# Task description
Reproduce every entry exactly as given.

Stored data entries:
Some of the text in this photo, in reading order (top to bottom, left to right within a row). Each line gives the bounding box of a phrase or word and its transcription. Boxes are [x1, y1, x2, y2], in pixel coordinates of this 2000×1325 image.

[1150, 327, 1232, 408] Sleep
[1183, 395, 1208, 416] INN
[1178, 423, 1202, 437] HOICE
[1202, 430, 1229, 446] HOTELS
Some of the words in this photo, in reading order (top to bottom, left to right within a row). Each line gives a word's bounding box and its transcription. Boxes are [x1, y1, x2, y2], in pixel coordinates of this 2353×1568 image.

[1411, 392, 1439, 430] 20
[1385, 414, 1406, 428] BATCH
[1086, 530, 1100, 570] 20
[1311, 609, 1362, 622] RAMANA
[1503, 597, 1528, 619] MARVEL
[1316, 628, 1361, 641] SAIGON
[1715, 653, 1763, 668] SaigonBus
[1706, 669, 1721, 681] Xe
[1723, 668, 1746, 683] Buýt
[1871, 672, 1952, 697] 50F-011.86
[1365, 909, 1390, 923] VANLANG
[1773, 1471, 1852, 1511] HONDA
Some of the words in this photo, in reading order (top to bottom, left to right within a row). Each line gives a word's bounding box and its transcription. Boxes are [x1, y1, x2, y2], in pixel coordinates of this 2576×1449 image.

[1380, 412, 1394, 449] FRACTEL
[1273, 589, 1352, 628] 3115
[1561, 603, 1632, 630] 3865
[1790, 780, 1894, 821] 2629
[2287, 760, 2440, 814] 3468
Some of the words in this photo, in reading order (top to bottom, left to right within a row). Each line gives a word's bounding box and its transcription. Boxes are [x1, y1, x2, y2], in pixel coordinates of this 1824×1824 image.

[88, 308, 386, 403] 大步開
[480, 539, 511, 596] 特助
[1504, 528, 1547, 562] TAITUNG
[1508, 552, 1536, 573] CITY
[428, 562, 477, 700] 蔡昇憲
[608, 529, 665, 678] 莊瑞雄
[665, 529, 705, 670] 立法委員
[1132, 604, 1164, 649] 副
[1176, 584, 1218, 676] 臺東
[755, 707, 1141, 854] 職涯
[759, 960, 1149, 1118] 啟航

# Result of this exercise
Some of the text in this photo, in reading order (top to bottom, left to right within a row). Each line gives the bounding box of a phrase or word and its transcription. Boxes are [x1, y1, x2, y2], in pixel coordinates of this 2000×1325 image.

[1150, 327, 1232, 408] Sleep
[1183, 395, 1208, 416] INN
[1178, 423, 1202, 437] HOICE
[1202, 430, 1229, 446] HOTELS
Some of the words in this photo, in reading order (top to bottom, left to right within a row). Each line gives a word's bounding box and its transcription. Boxes are [x1, y1, x2, y2], in pixel coordinates of this 2353×1568 image.

[1411, 392, 1439, 430] 20
[1385, 414, 1406, 428] BATCH
[1086, 530, 1100, 570] 20
[1311, 609, 1362, 622] RAMANA
[1503, 597, 1528, 619] MARVEL
[1316, 628, 1361, 641] SAIGON
[1715, 653, 1763, 668] SaigonBus
[1706, 669, 1721, 681] Xe
[1723, 668, 1746, 683] Buýt
[1871, 672, 1952, 697] 50F-011.86
[1365, 909, 1390, 923] VANLANG
[1773, 1471, 1852, 1511] HONDA
Some of the words in this photo, in reading order (top to bottom, left to right within a row). Each line gives a word's bounding box and its transcription. Boxes are [x1, y1, x2, y2], in pixel coordinates of this 2576×1449 image.

[1380, 412, 1394, 449] FRACTEL
[1273, 589, 1352, 628] 3115
[1561, 603, 1632, 630] 3865
[1790, 780, 1894, 821] 2629
[2287, 760, 2440, 814] 3468
Some of the words in this photo, in reading order (top to bottom, left to right within a row). Each line gives a word's bounding box and its transcription. Boxes are [x1, y1, x2, y2], in pixel coordinates of this 1824×1824 image.

[88, 308, 386, 403] 大步開
[480, 539, 511, 596] 特助
[1504, 528, 1547, 562] TAITUNG
[1508, 552, 1536, 573] CITY
[428, 562, 477, 700] 蔡昇憲
[608, 529, 665, 678] 莊瑞雄
[665, 529, 705, 670] 立法委員
[1132, 604, 1164, 649] 副
[1176, 584, 1218, 676] 臺東
[755, 707, 1141, 854] 職涯
[759, 960, 1149, 1118] 啟航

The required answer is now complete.